Many members of the Bush administration are on record as opposing Mr Clinton's plans, saying that weapons-grade nuclear material could be extracted from the type of light water reactors that ABB sold. Mr Rumsfeld's deputy, Paul Wolfowitz, and the state department's number two diplomat, Richard Armitage, both opposed the deal as did the Republican presidential candidate, Bob Dole, whose campaign Mr Rumsfeld ran and where he also acted as defence adviser.
One unnamed ABB board director told Fortune magazine that Mr Rumsfeld was involved in lobbying his hawkish friends on behalf of ABB.

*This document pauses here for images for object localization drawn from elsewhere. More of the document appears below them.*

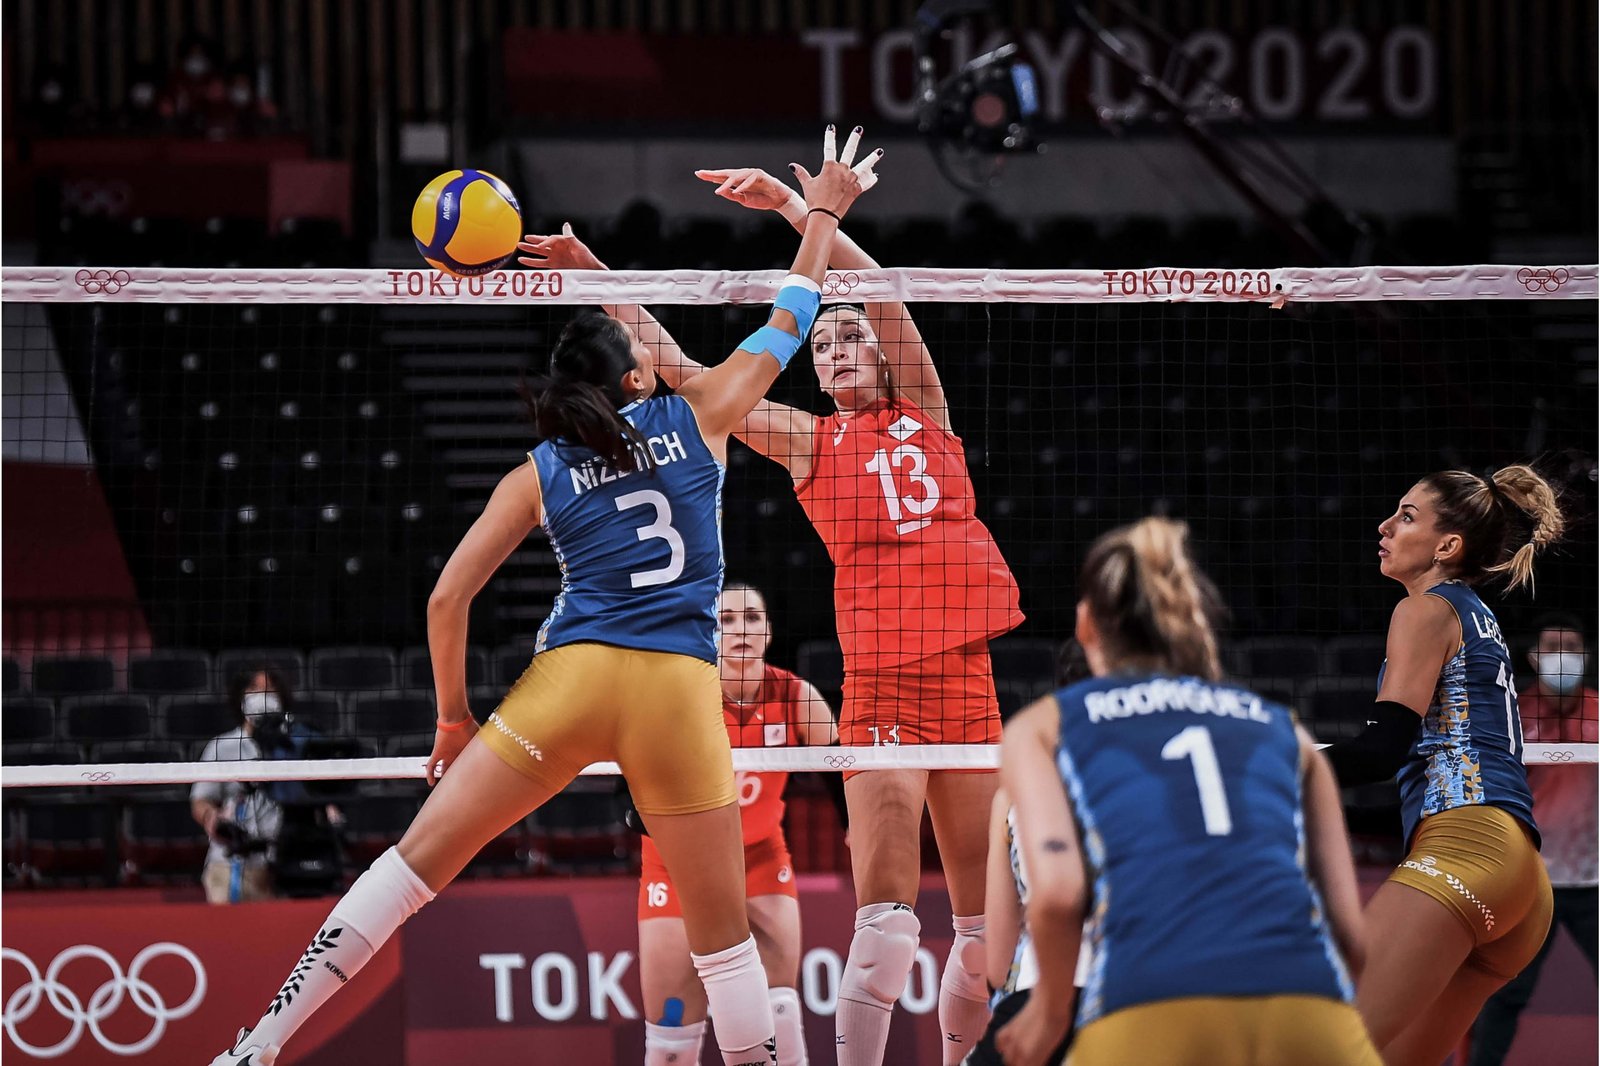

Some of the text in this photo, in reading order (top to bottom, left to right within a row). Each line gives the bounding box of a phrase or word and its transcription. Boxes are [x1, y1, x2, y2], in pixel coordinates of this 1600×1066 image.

[1186, 27, 1438, 120] 2020
[387, 271, 562, 297] TOKYO 2020
[1103, 269, 1271, 296] TOKYO 2020
[865, 444, 940, 520] 13
[614, 489, 685, 589] 3
[1084, 678, 1272, 724] RODRIGUEZ
[735, 771, 762, 808] 6
[1160, 726, 1233, 836] 1
[646, 882, 668, 907] 16
[479, 951, 712, 1022] TOK

The Clinton package sought to defuse tensions on the Ko rean peninsula by offering supplies of oil and new light water nuclear reactors in return for access by inspectors to Pyongyang's atomic facilities and a dismantling of its heavy water reactors which produce weapons grade plutonium. Light water reactors are known as "proliferation-resistant" but, in the words of one expert, they are not "proliferation-proof".
The type of reactors involved in the ABB deal produce plutonium which needs refining before it can be weaponised. One US congressman and critic of the North Korean regime described the reactors as "nuclear bomb factories".
North Korea expelled the inspectors last year and withdrew from the nuclear non-proliferation treaty in January at about the same time that the Bush administration authorised $3.5m to keep ABB's reactor project going.
North Korea is thought to have offered to scrap its nuclear facilities and missile pro gramme and to allow international nuclear inspectors into the country. But Pyongyang demanded that security guarantees and aid from the US must come first.
Mr Bush now insists that he will only negotiate a new deal with Pyongyang after the nuclear programme is scrapped. Washington believes that offering inducements would reward Pyongyang's "blackmail" and encourage other "rogue" states to develop weapons of mass destruction.